Every record below should be transcribed exactly. Omit the images.
** Data supplied follows **
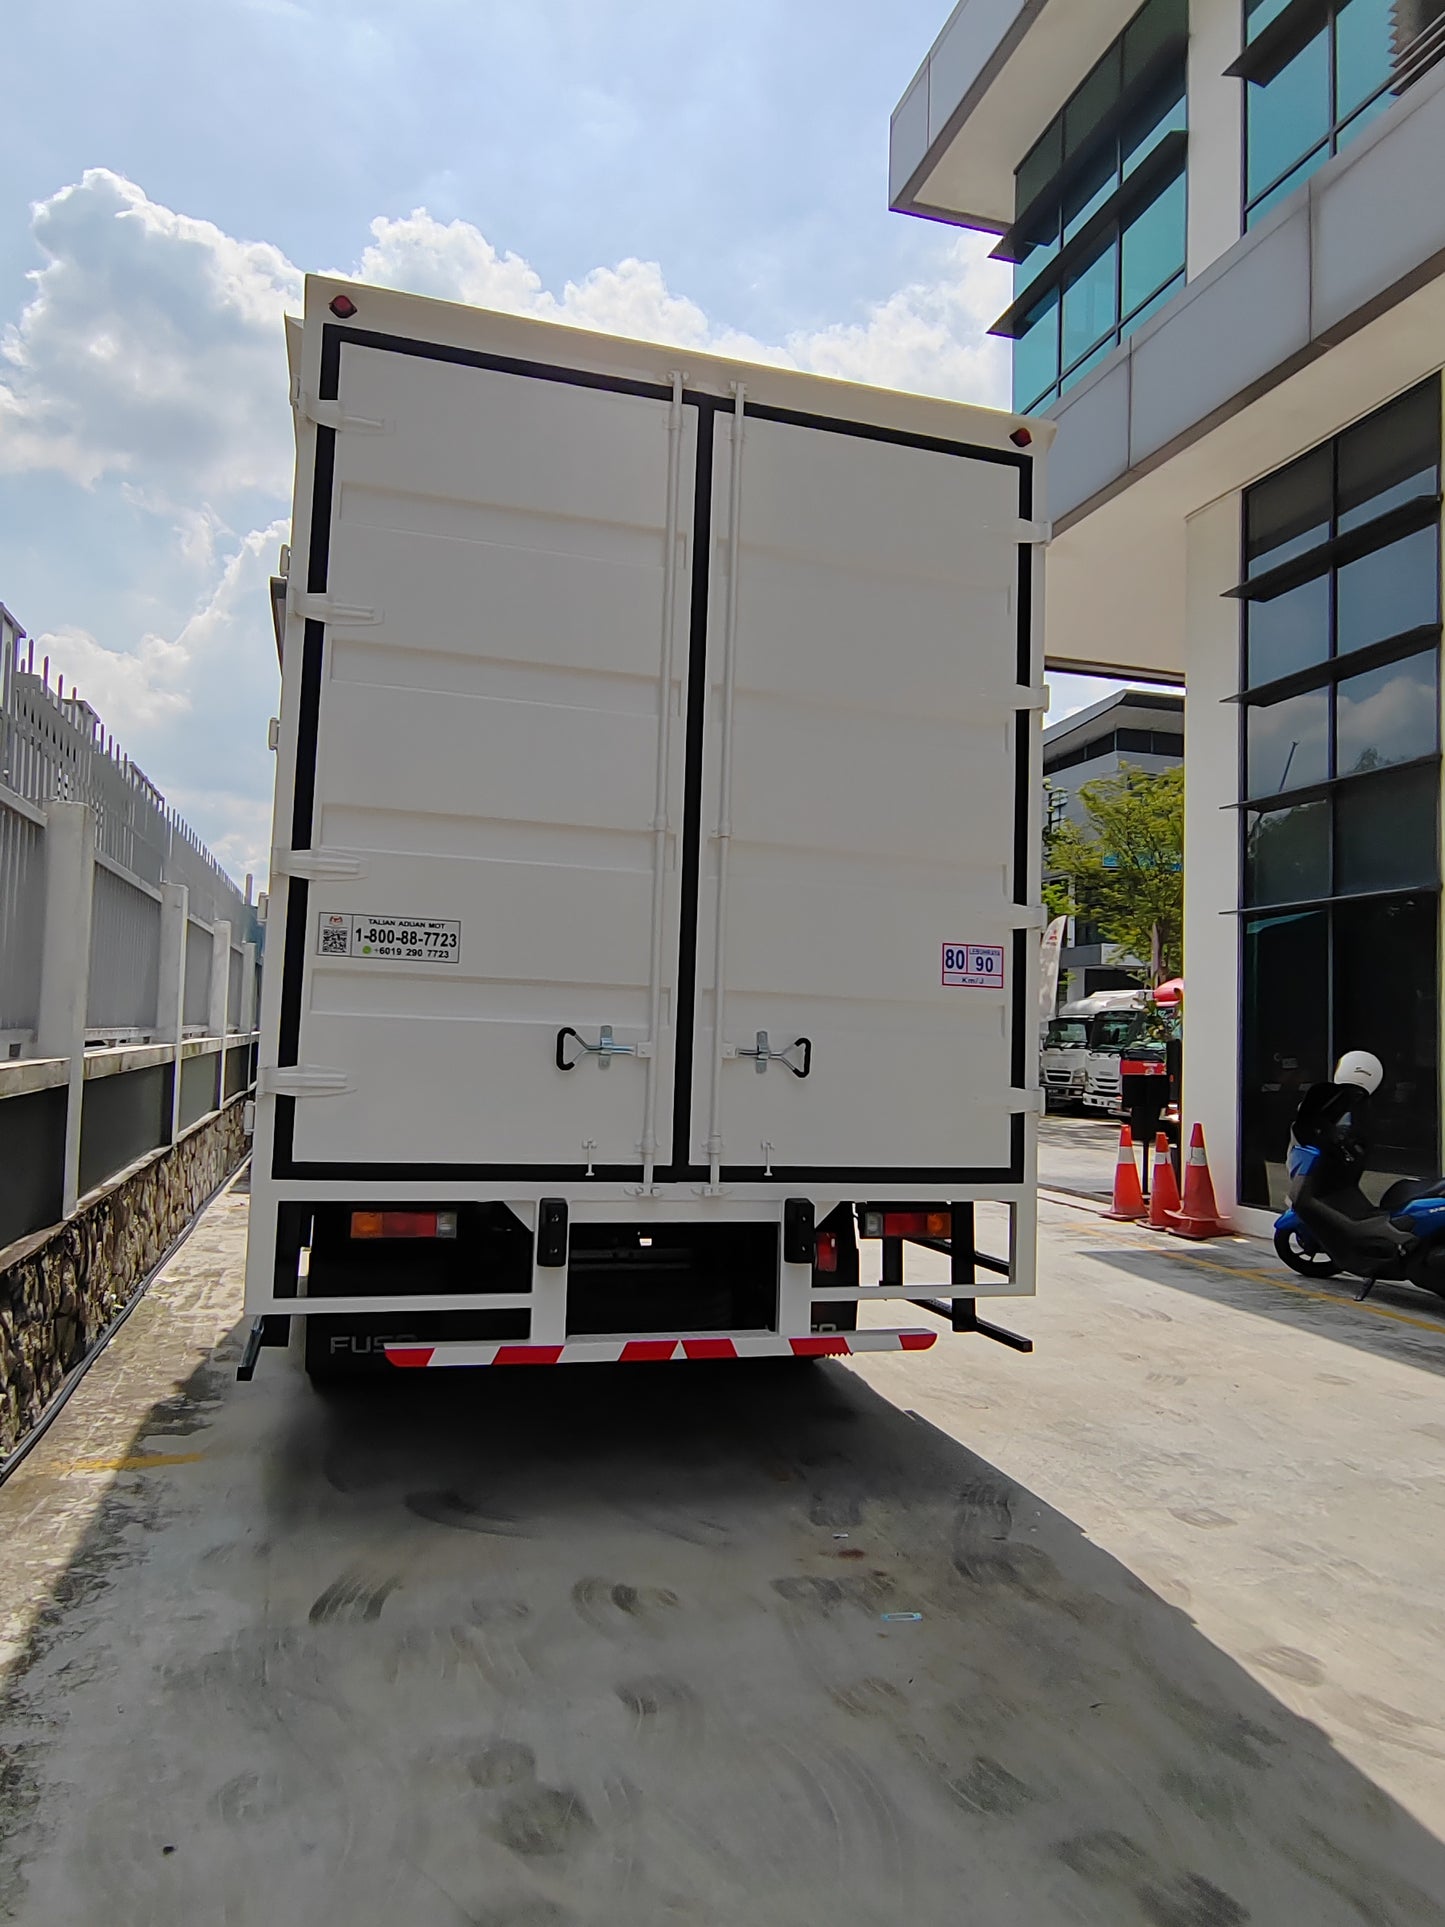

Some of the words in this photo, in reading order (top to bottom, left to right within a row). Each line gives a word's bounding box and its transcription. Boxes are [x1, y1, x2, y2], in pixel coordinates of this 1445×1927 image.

[368, 918, 395, 926] TALIAN
[398, 920, 425, 928] ADUAN
[428, 922, 445, 930] MOT
[356, 928, 457, 948] 1-800-88-7723
[374, 947, 402, 956] +6019
[406, 948, 423, 957] 290
[427, 950, 449, 959] 7723
[945, 949, 965, 970] 80
[976, 956, 993, 973] 90
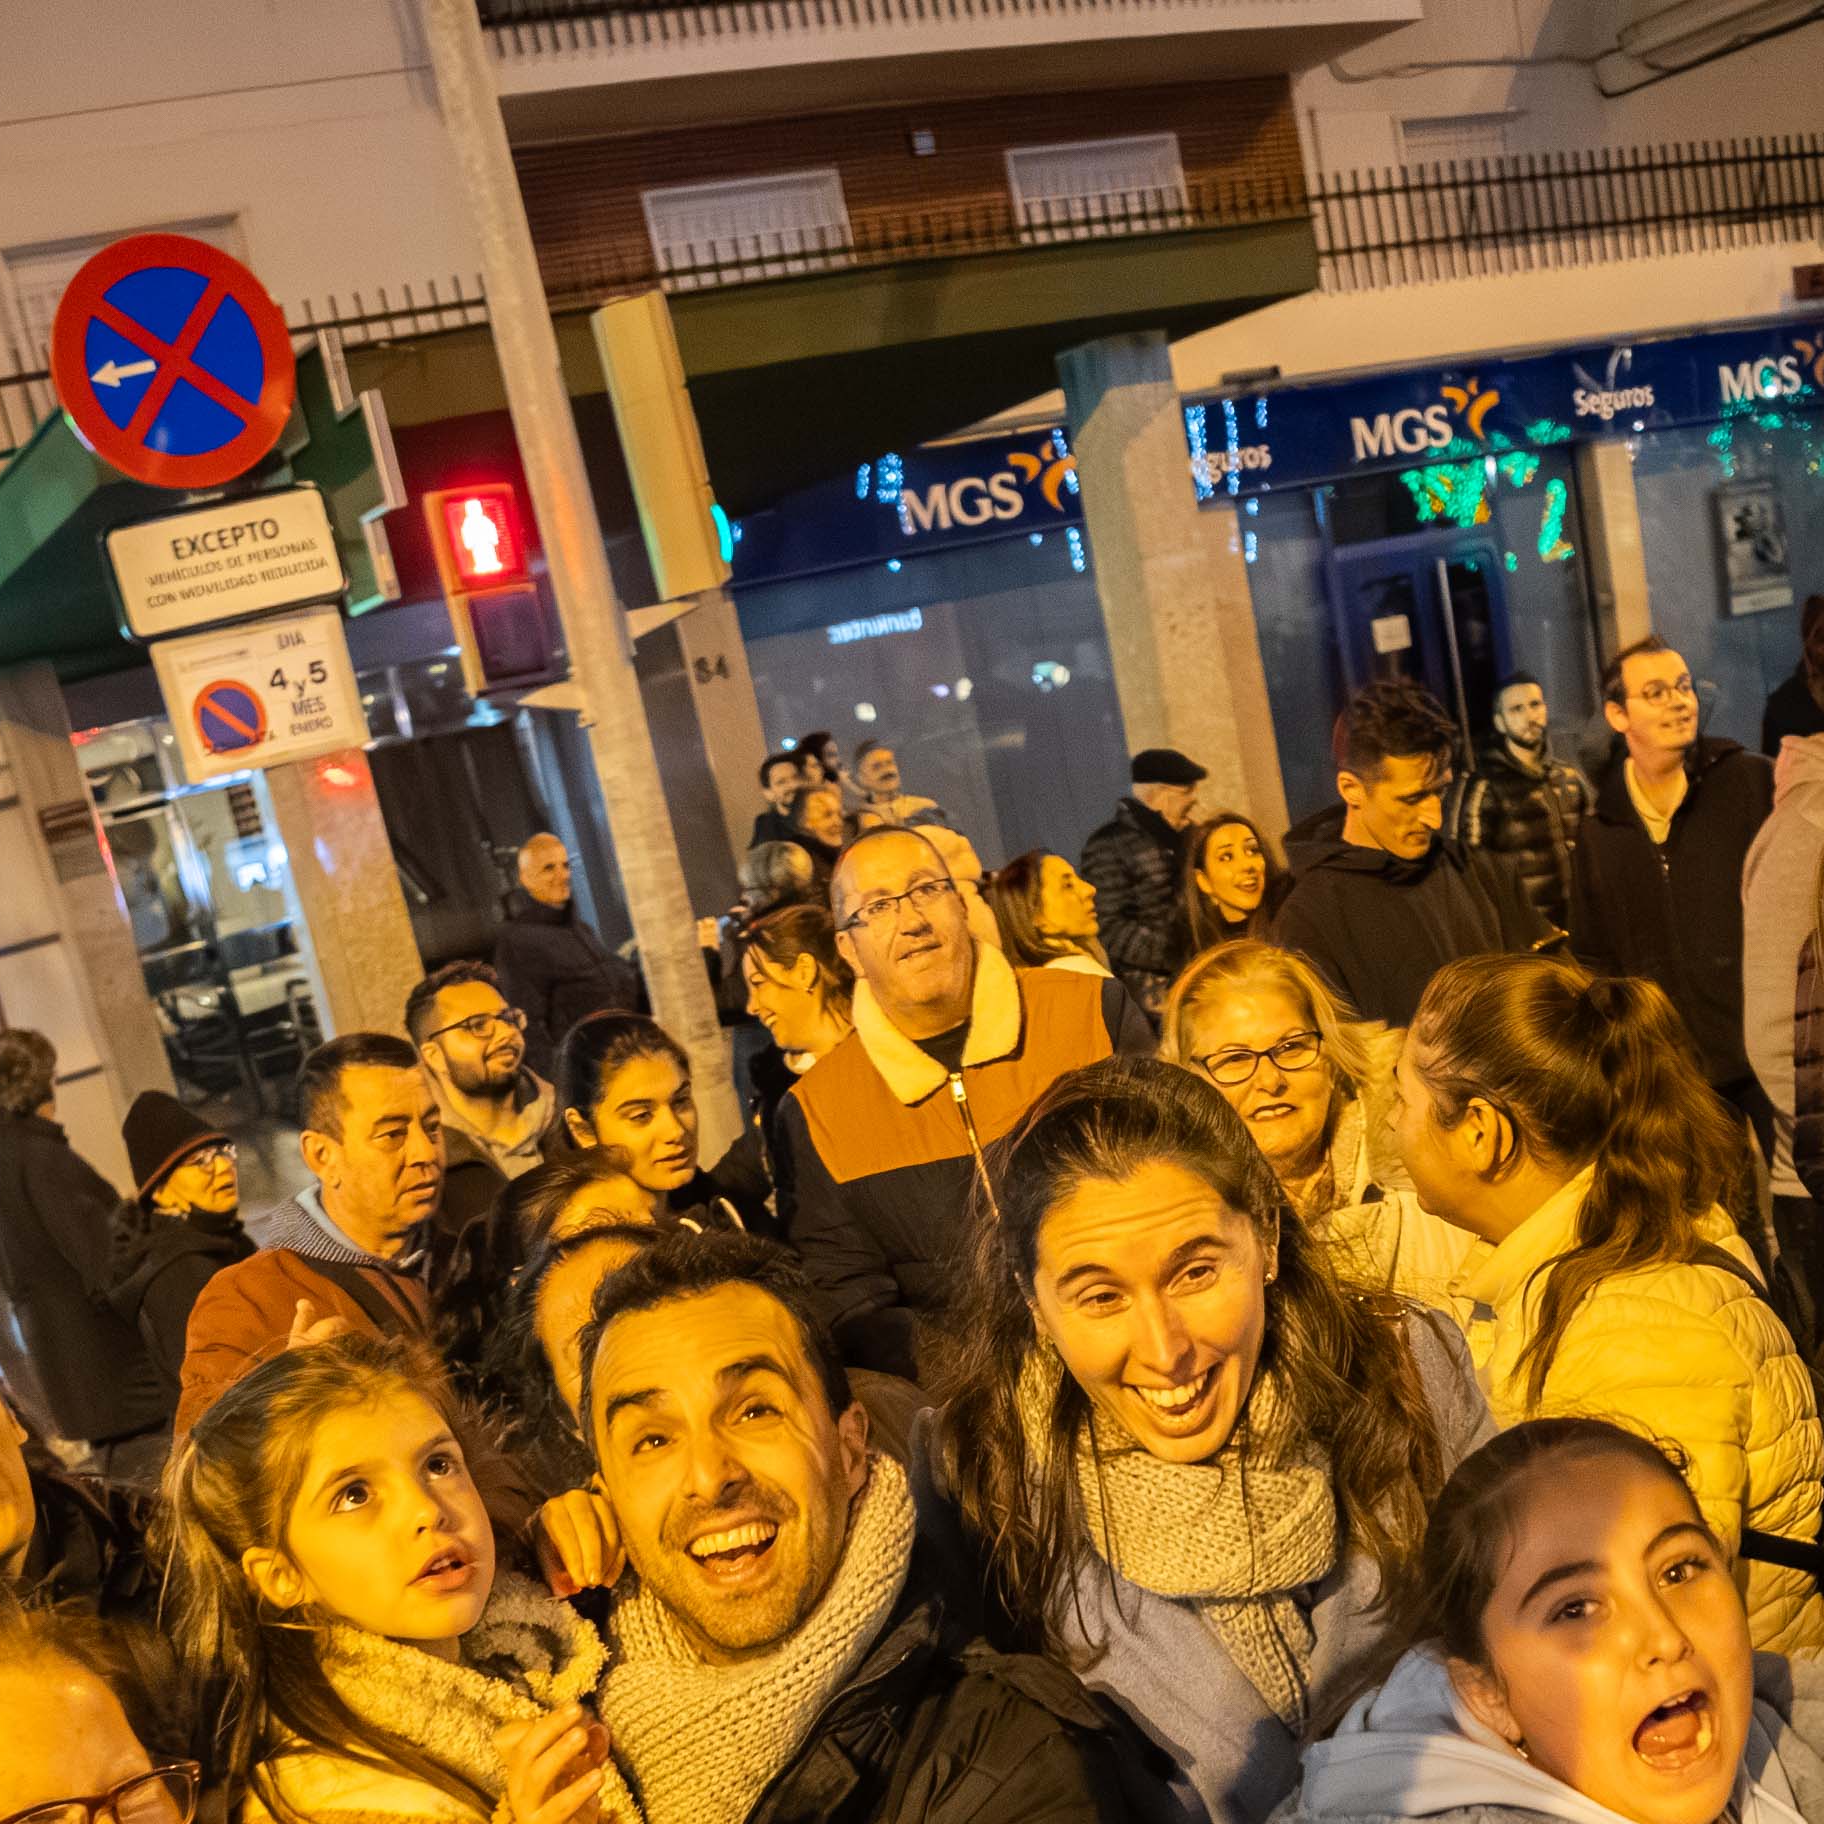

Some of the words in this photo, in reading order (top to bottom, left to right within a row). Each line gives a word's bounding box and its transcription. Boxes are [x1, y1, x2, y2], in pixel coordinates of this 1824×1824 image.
** End of Data supplied **
Response to this exercise:
Some of the words in this photo, in reading order (top to bottom, left to right within a row). Each line gives a word's bounding box and its transcription. Boxes are [x1, y1, x2, y2], in pixel coordinates of this 1445×1927 image.

[368, 918, 395, 926] TALIAN
[398, 920, 425, 928] ADUAN
[428, 922, 445, 930] MOT
[356, 928, 457, 948] 1-800-88-7723
[374, 947, 402, 956] +6019
[406, 948, 423, 957] 290
[427, 950, 449, 959] 7723
[945, 949, 965, 970] 80
[976, 956, 993, 973] 90

Some of the words in this photo, in reading order (top to bottom, left to right within a row). Each line gives a word's bounding box and its transcription. Boxes are [x1, y1, x2, y2], in pixel coordinates of this 1824×1824 image.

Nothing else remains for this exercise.